Rationale: Mesial Temporal Sclerosis (MTS) is the most common cause of temporal lobe epilepsy (TLE), characterized by gliosis and atrophy of the hippocampus and related structures, such as the temporal pole, mamilar body and fornix. However, the brain damage is not limited to these structures. There are metabolic changes detected by proton spectroscopy described in posterior temporal lobe and whole brain atrophy measured by automatic segmentation methods. Therefore, the purpose of this study is to test the hypothesis that there is extra temporal brain damage related to MTS. Methods: We studied 20 normal controls (10 men) and 24 TLE patients (14 men) with age, respectively 36.7 ± 11.9 (mean ± SD), and 39.5 ± 9.24 years. All patients and normals had a full clinical follow-up and MRI obtained in 1.5T equipment. The MRI protocol included high resolution whole brain T1-weighted MPRAGE sequence and one pair of identical 3D-GRE sequences except for the presence of one extra pulse of magnetization transfer in the second.
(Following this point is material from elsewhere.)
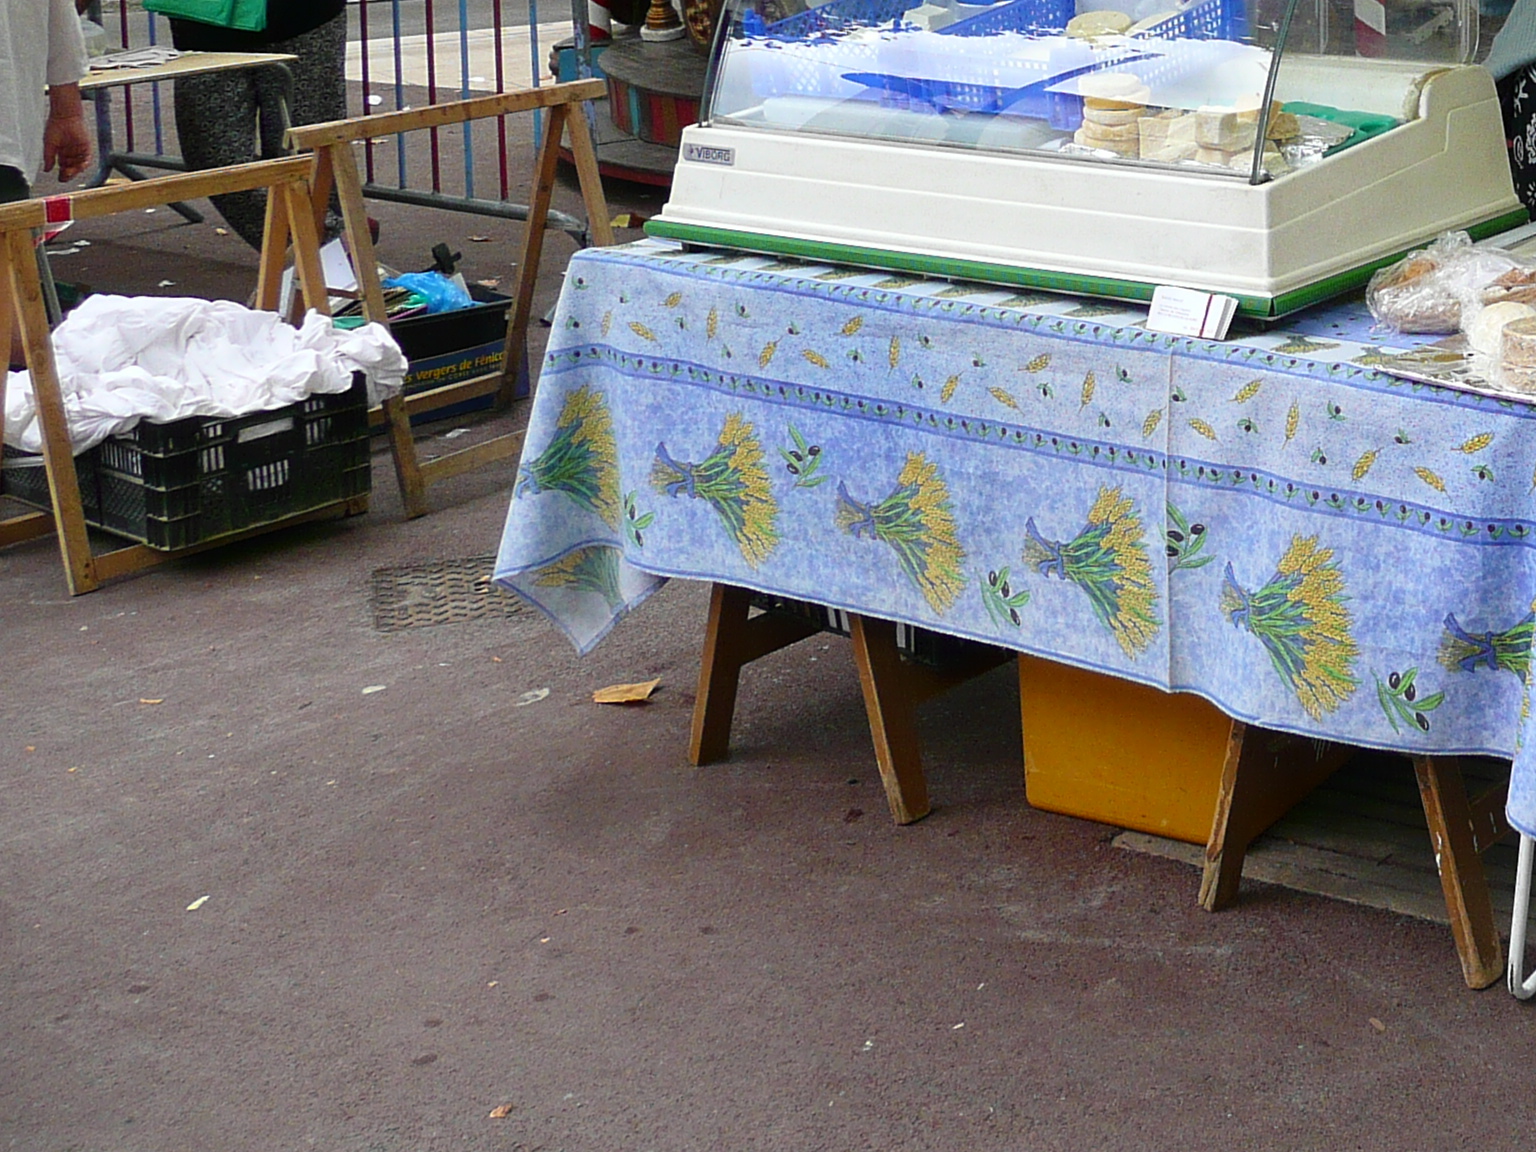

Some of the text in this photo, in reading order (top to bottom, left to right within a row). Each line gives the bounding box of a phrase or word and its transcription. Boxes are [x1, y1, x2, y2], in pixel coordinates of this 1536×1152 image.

The ROI binary maps of whole white matter (WM), gray matter (GM), and cerebrospinal fluid (CSF) were segmented and used for value extraction from magnetization transfer ratio (MTR) maps. Results: The TLE patient group was different from normal in WM-MTR (decrease of 3.84%, p=0.005), GM-MTR (decrease of 6.12%, p=0.002) and percentage of GM (decrease of 21.54%, p=0.0016). The whole brain volume, measured by brain parenchyma fraction (BPF), was 1.32% smaller in TLE patients. The Mean MTR map showed significant signal loss in patients (p≤0.05) in corpus callosum, pons, temporal and frontal lobes. Conclusions: Our results support the hypothesis that there is diffuse brain lesion in MTS, not only in grey but also in white matter, what was detect in patients with repeated seizures, free from status epilepticus. The MTR reduction suggests that demyelination, axonal and cellular loss might be the pathophysiology involved.